→ Text-to-region grounding data
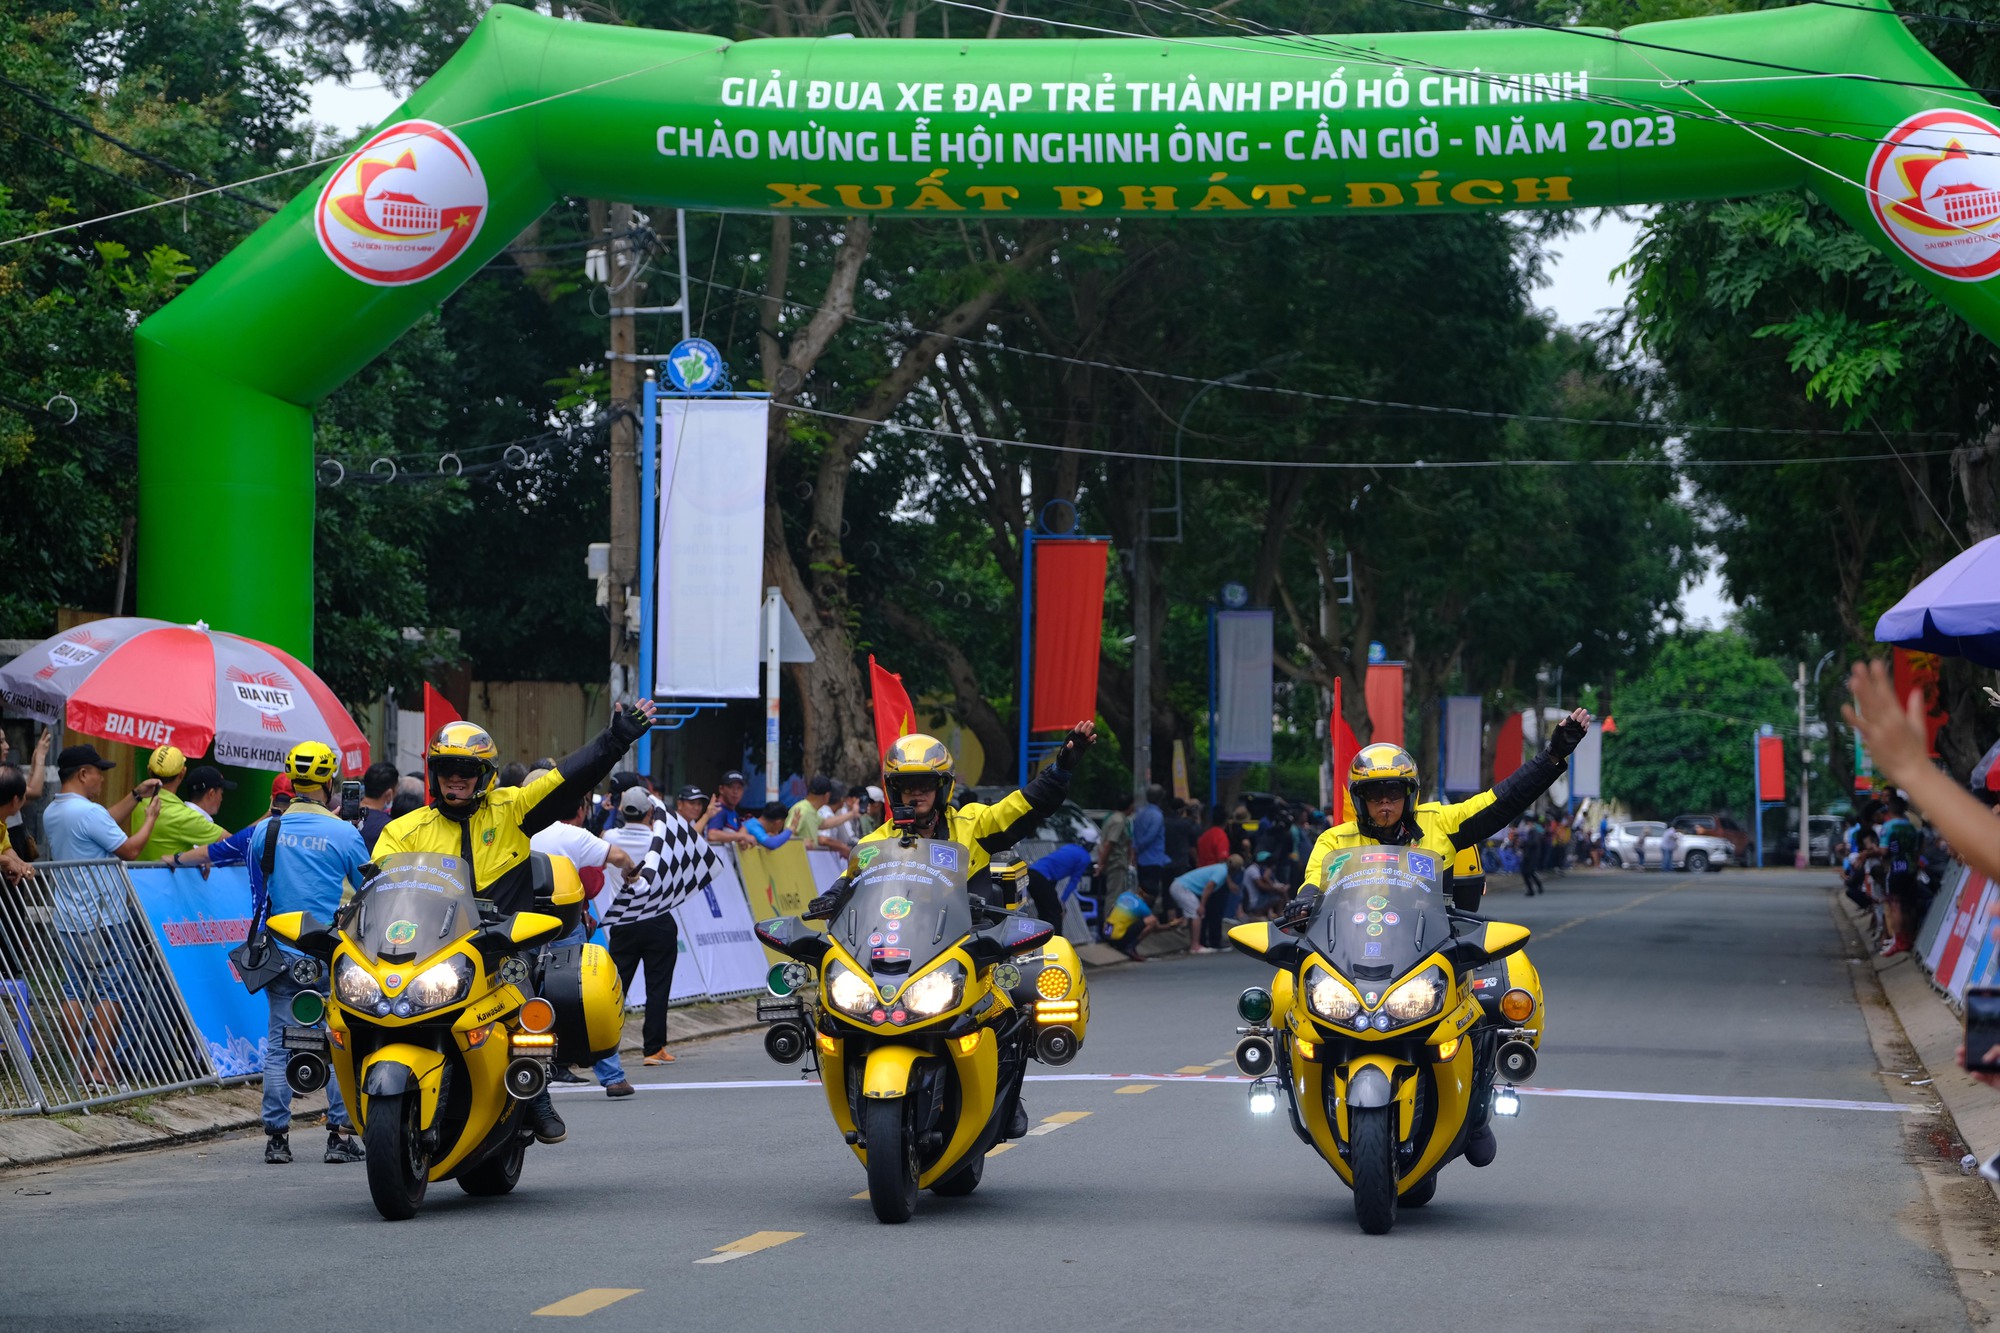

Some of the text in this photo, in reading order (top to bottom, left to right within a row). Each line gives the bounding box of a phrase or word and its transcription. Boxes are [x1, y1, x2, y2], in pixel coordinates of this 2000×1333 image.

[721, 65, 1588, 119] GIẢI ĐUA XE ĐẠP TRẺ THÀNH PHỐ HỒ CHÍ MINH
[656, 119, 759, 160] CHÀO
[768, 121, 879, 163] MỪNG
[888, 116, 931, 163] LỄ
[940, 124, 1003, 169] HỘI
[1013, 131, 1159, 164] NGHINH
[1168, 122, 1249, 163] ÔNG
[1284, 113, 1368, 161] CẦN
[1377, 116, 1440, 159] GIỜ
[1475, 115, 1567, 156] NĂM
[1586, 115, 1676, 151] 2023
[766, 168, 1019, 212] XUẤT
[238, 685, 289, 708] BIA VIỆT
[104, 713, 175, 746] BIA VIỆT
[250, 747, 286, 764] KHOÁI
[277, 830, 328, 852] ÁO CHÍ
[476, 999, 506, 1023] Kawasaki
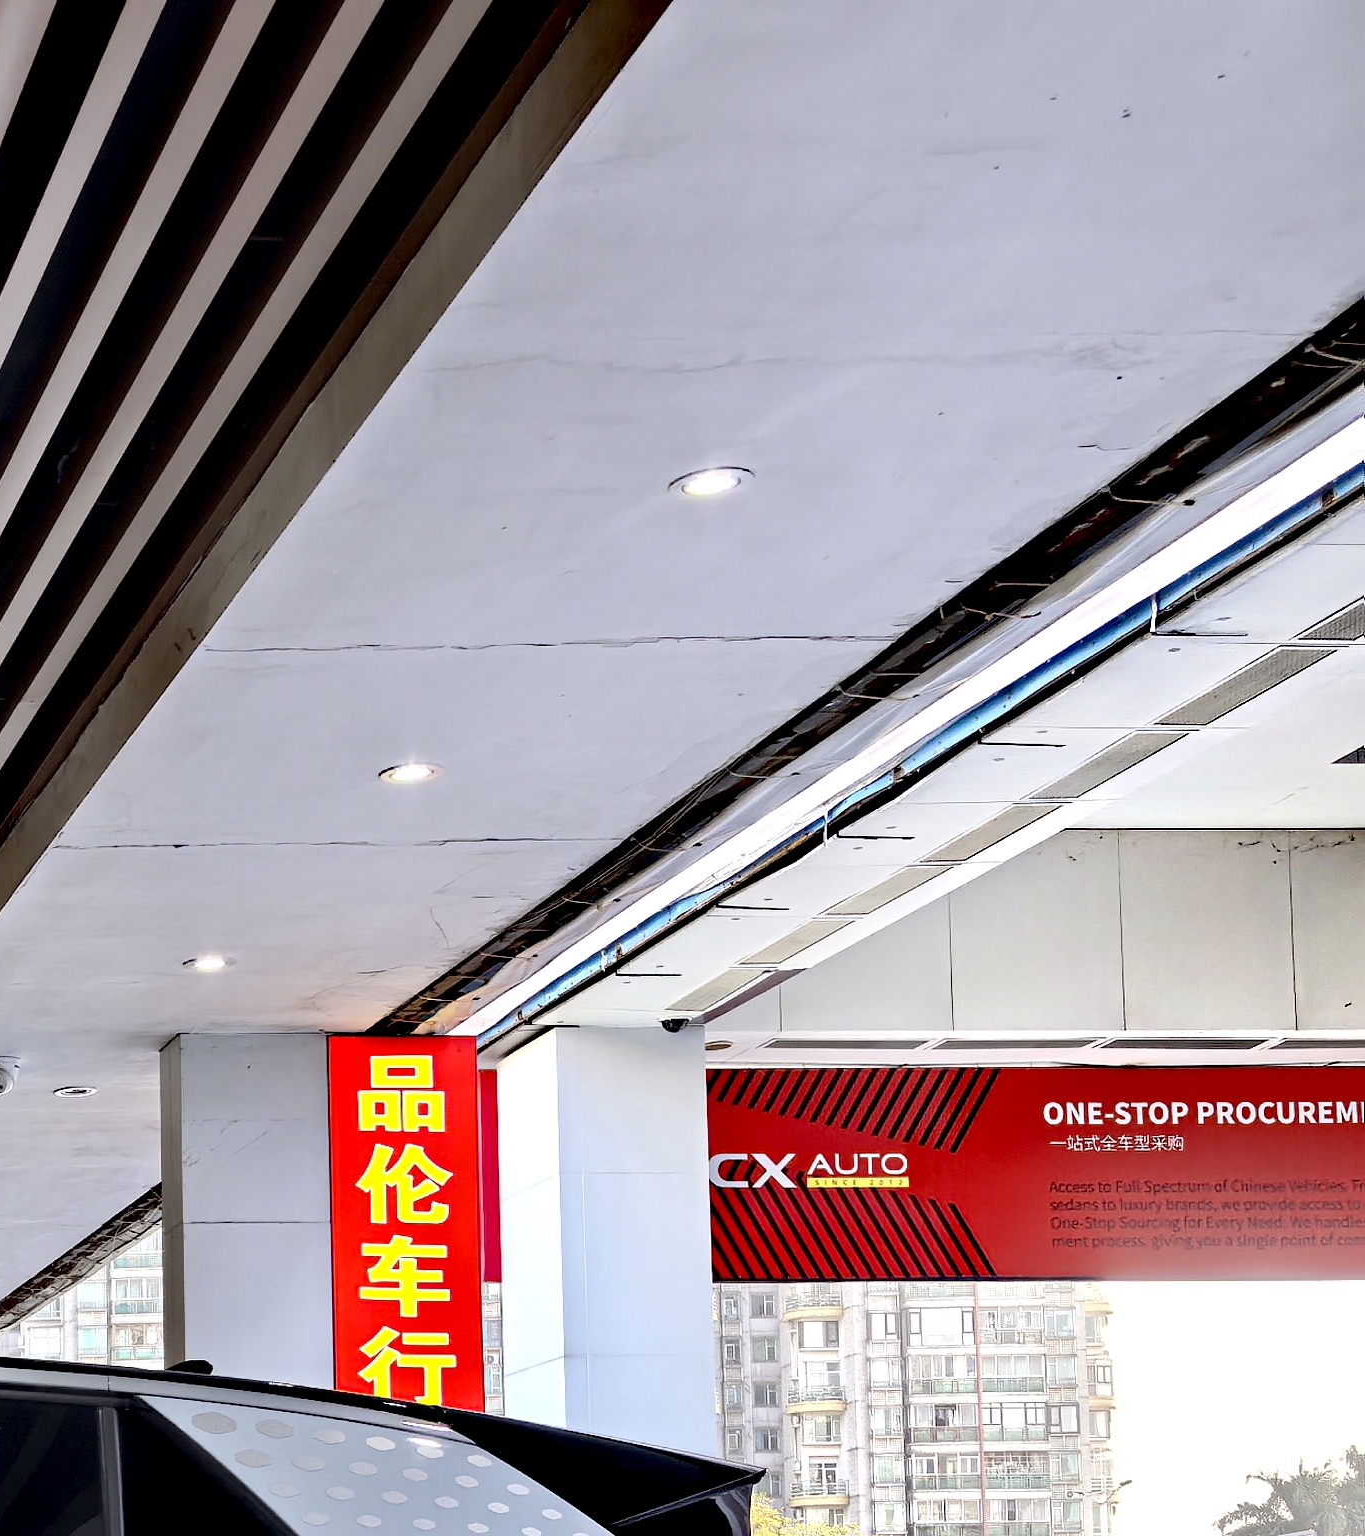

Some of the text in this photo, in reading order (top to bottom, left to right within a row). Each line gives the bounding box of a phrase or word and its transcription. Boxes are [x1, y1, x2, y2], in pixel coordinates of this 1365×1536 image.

→ AIM OF THE EXERCISE
Set every record down verbatim. No pictures belong in the copy.

→ ANSWER SECTION
Some of the text in this photo, in reading order (top to bottom, left to right within a row). Each line gives the bounding box of a phrase or word and its transcription. Boxes are [x1, y1, x2, y2], in pixel coordinates of this 2000×1333 image.

[721, 65, 1588, 119] GIẢI ĐUA XE ĐẠP TRẺ THÀNH PHỐ HỒ CHÍ MINH
[656, 119, 759, 160] CHÀO
[768, 121, 879, 163] MỪNG
[888, 116, 931, 163] LỄ
[940, 124, 1003, 169] HỘI
[1013, 131, 1159, 164] NGHINH
[1168, 122, 1249, 163] ÔNG
[1284, 113, 1368, 161] CẦN
[1377, 116, 1440, 159] GIỜ
[1475, 115, 1567, 156] NĂM
[1586, 115, 1676, 151] 2023
[766, 168, 1019, 212] XUẤT
[238, 685, 289, 708] BIA VIỆT
[104, 713, 175, 746] BIA VIỆT
[250, 747, 286, 764] KHOÁI
[277, 830, 328, 852] ÁO CHÍ
[476, 999, 506, 1023] Kawasaki

Some of the text in this photo, in reading order (top to bottom, left to right within a row). Each line gives the bounding box of a phrase or word and its transcription. Boxes are [x1, y1, x2, y2], in pixel coordinates of this 1365×1536 image.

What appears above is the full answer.